Depuis 2017, un trop grand nombre de postes d’enseignants ont été supprimés dans l’Éducation nationale, sans qu’une véritable réflexion soit menée sur la politique d’encadrement et d’accompagnement des personnels. Cette approche fragilise la continuité pédagogique et dégrade les conditions d’apprentissage, en particulier dans les premières années de scolarité.
Certes, le nombre d’élèves diminue, mais la France demeure l’un des pays européens où les classes sont les plus chargées. Cette baisse démographique devrait au contraire être saisie comme une opportunité pour améliorer la réussite scolaire de chaque élève.
Selon les données de l’OCDE de 2025, la France consacre 13 % de moins que la moyenne de l’OCDE par élève dans le premier degré, alors que les effectifs d’enseignants continuent de baisser : on est passé de 381 000 professeurs à la rentrée 2017 à 367 000 en 2024, soit une perte de plus de 13 000 postes.
Ces recrutements permettront de maintenir des postes dans le premier degré, afin de poursuivre l’augmentation du temps de décharge des directeurs d’école engagée par la loi Rilhac, d’améliorer les remplacements et, plus largement, les conditions de travail des enseignants.
Plutôt que de réduire encore les postes devant élèves, il serait plus juste de chercher des économies dans les services administratifs.
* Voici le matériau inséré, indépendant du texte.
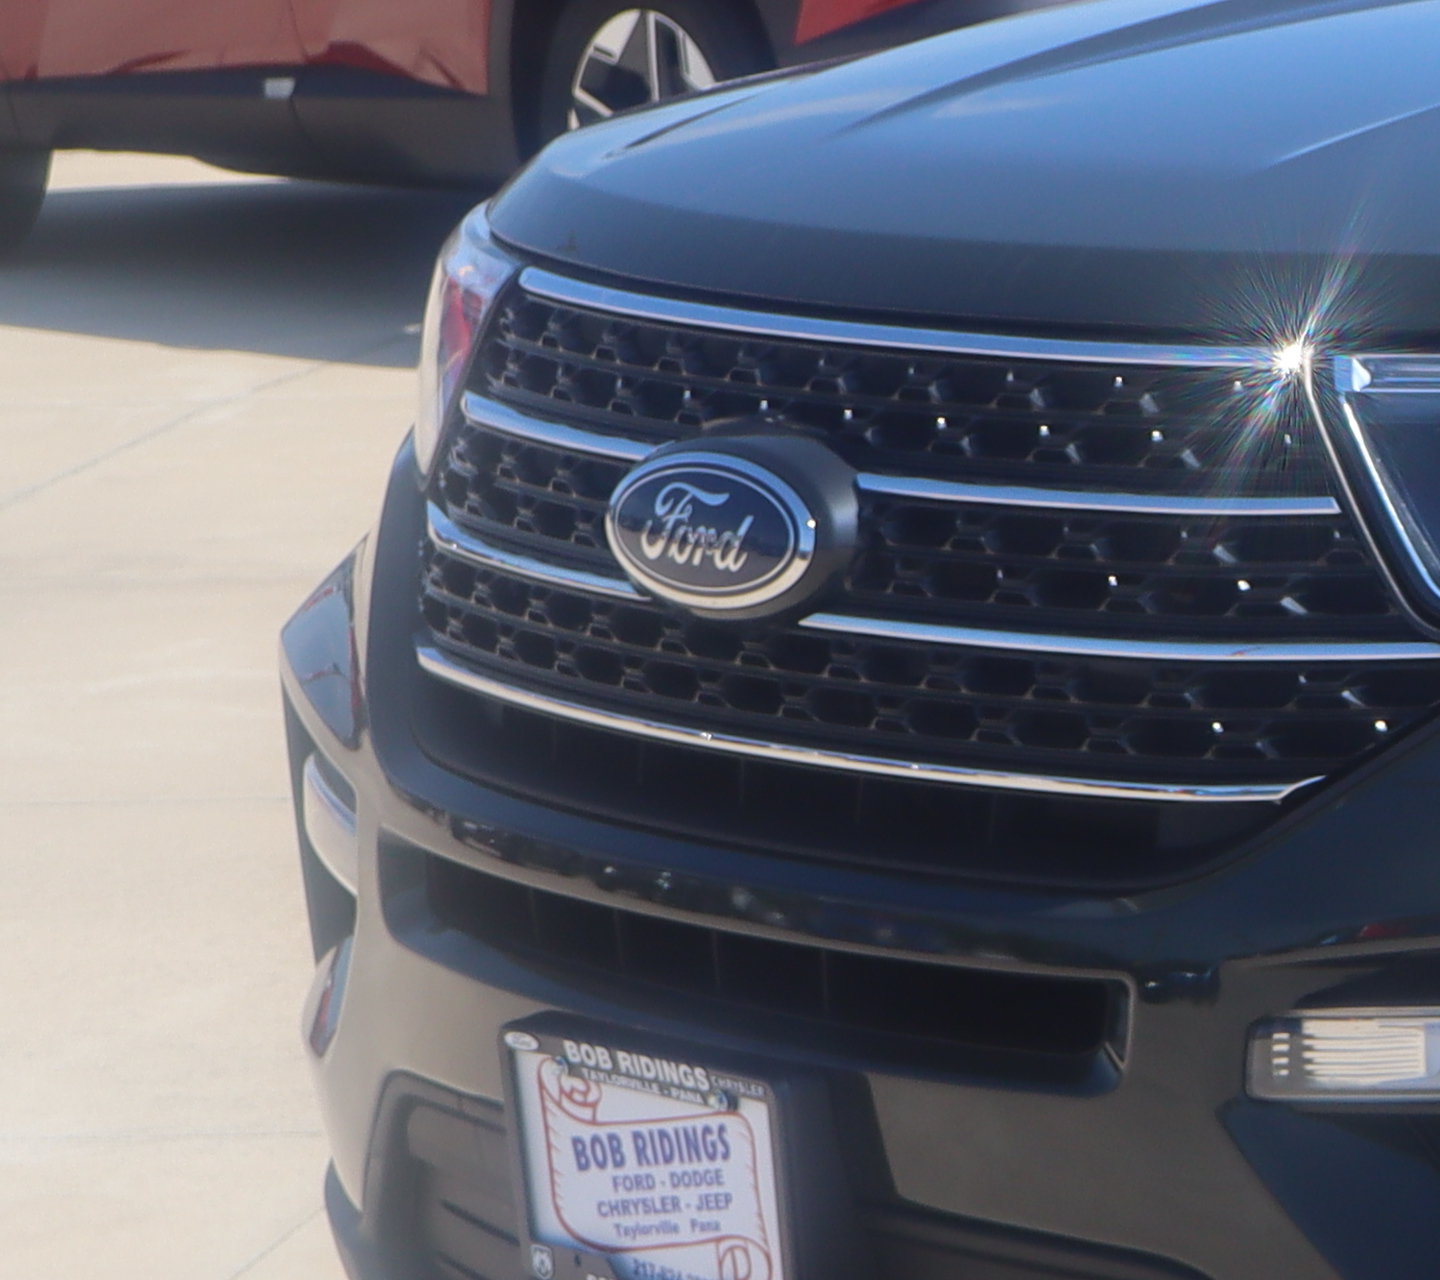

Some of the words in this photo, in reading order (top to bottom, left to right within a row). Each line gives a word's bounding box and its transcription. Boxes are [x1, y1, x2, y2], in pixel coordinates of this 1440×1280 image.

[640, 481, 754, 572] Ford
[563, 1039, 613, 1069] BOB
[616, 1050, 710, 1091] RIDINGS
[581, 1067, 661, 1095] TAYLORVILLE
[711, 1075, 766, 1096] CHRYSLER
[571, 1133, 626, 1171] BOB
[631, 1123, 731, 1167] RIDINGS
[612, 1173, 656, 1193] FORD
[670, 1169, 725, 1189] DODGE
[597, 1195, 682, 1218] CHRYSLER
[695, 1192, 734, 1211] JEEP
Préserver les moyens pédagogiques, c’est préserver la réussite des élèves.
Pour cela, cet amendement propose de mettre en place un nouveau programme intitulé « Plan pluriannuel de recrutement d’enseignants du premier degré public » en l'abondant de 80 millions d’euros en AE et CP. Ces crédits sont prélevés hors titre 2 sur l’action 8 du programme 214.